Reading what Judson wrote about—and to—his enemies, including his father-in-law, kind of puts our contemporary sense that social media is a hellish wasteland of incivility into perspective. Judson ended up named in lots of lawsuits, but he kept on writing things like, “You have forfeited all claim to the respect or notice of men and deserve to be treated with more contempt than the meanest thing that crawls the Earth” (followed by a threat to shoot the recipient in the head).
The other thing that really strikes about Judson is the scale and intensity of his lying and how that was entangled in his craft as a writer and myth-maker. All of it seems both emblematic of something in American life (as per my earlier comments) and yet profoundly distinctive about him as an individual. The frenetic movement across the book between ludicrously intense bouts of drinking and impassioned temperance advocacy, the maintenance of so many households and families and the lies he told to make it possible, the attempt to play at being a Union officer while he had in fact deserted his unit (after being an incompetent scout), the compulsive humbuggery of almost every conversation he had or was reported to have had with people. (I quite like the discussion late in the book about the fact that William Cody, aka Buffalo Bill, was very disgruntled with Judson’s promotional reinvention of Cody’s life despite the fact that it was a huge success for Cody.)

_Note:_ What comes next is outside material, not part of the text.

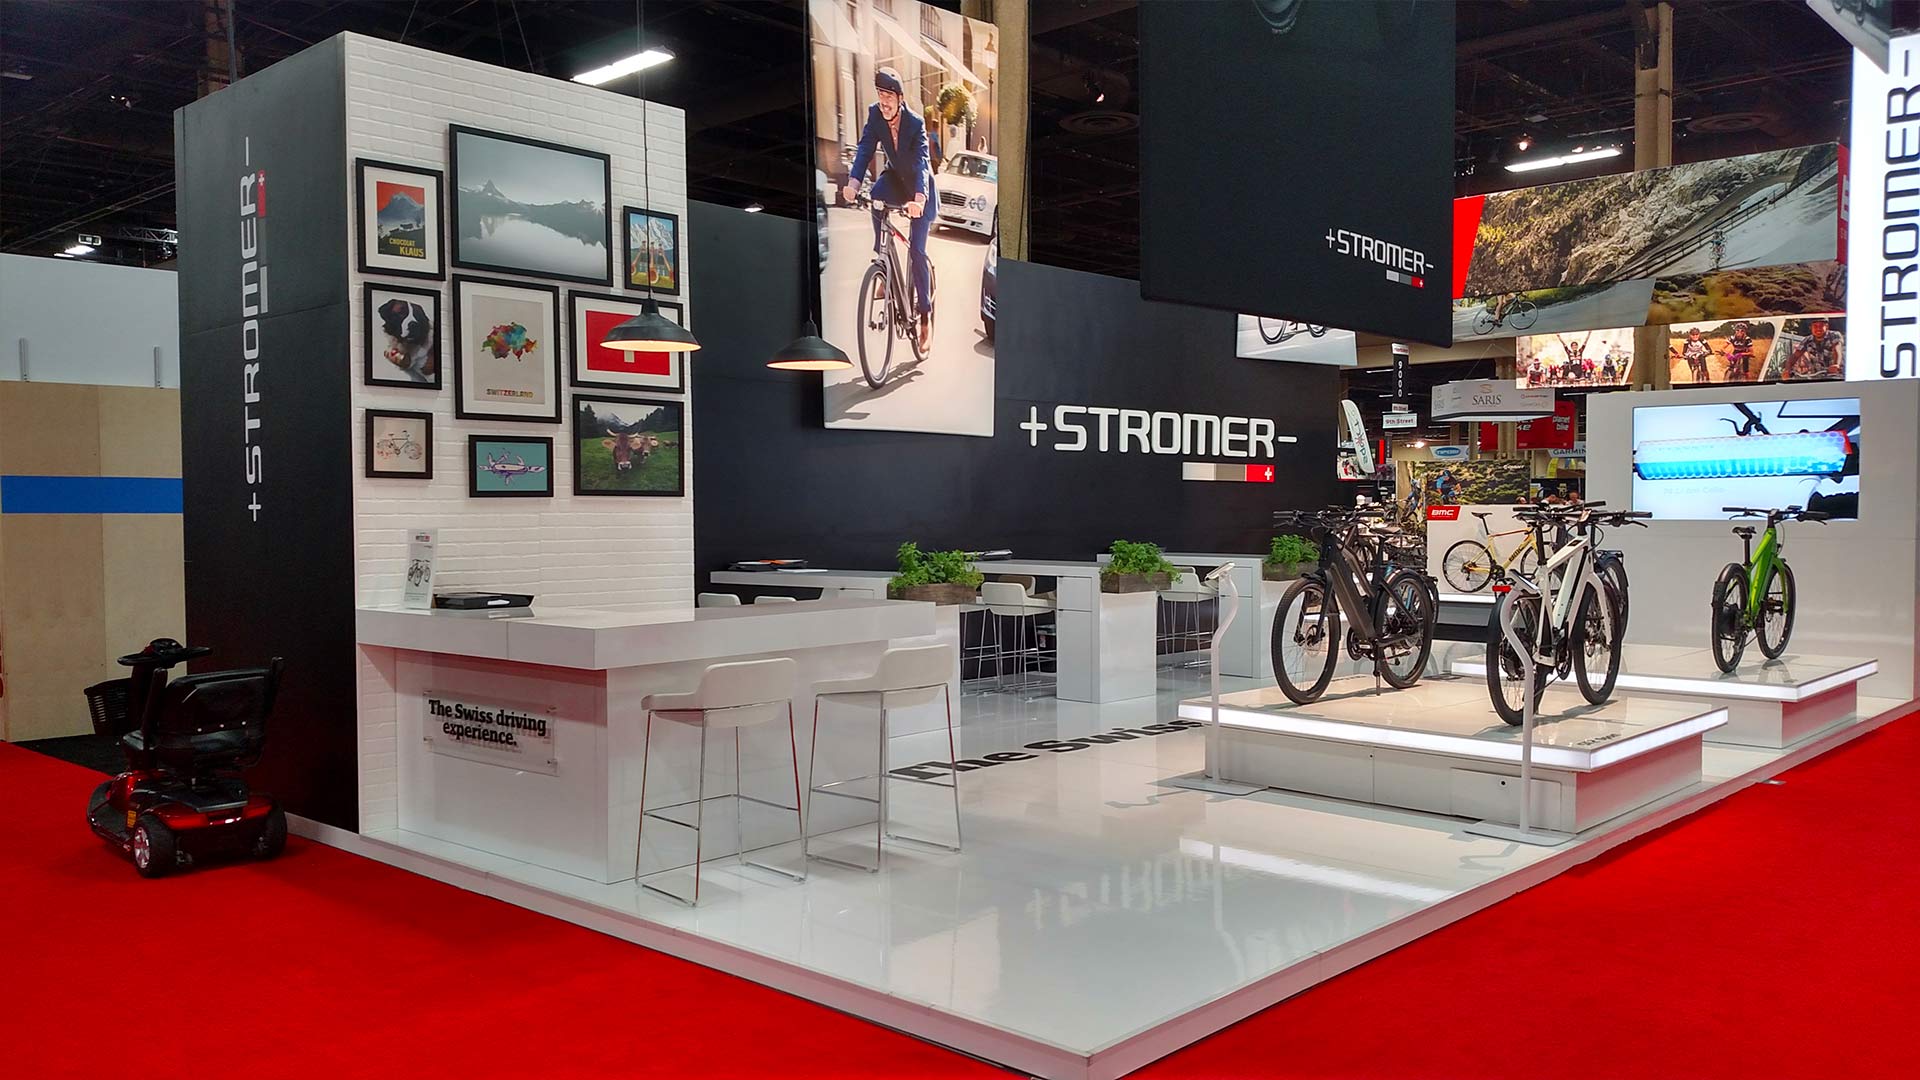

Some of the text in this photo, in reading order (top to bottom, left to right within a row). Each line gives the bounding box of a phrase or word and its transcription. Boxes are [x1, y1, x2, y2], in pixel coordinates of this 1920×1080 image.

Oh, also, on “distant reading”. Bricklin quotes enough of Buntline/Judson’s prose to make me realize that at least some of the vast domain of past popular literature that we no longer read is that way because it’s just kind of shitty, that it was popular partly because of the novelty of the way it created new tropes, new plot devices, new kinds of characters, and drew on new settings. Sort of the same way that a lot of 1950s-1960s science fiction seems now. But I do feel as if we ought to be reading more of the literary work of past decades and centuries that was either popular or typical if not by our contemporary standards skilled—or morally palatable.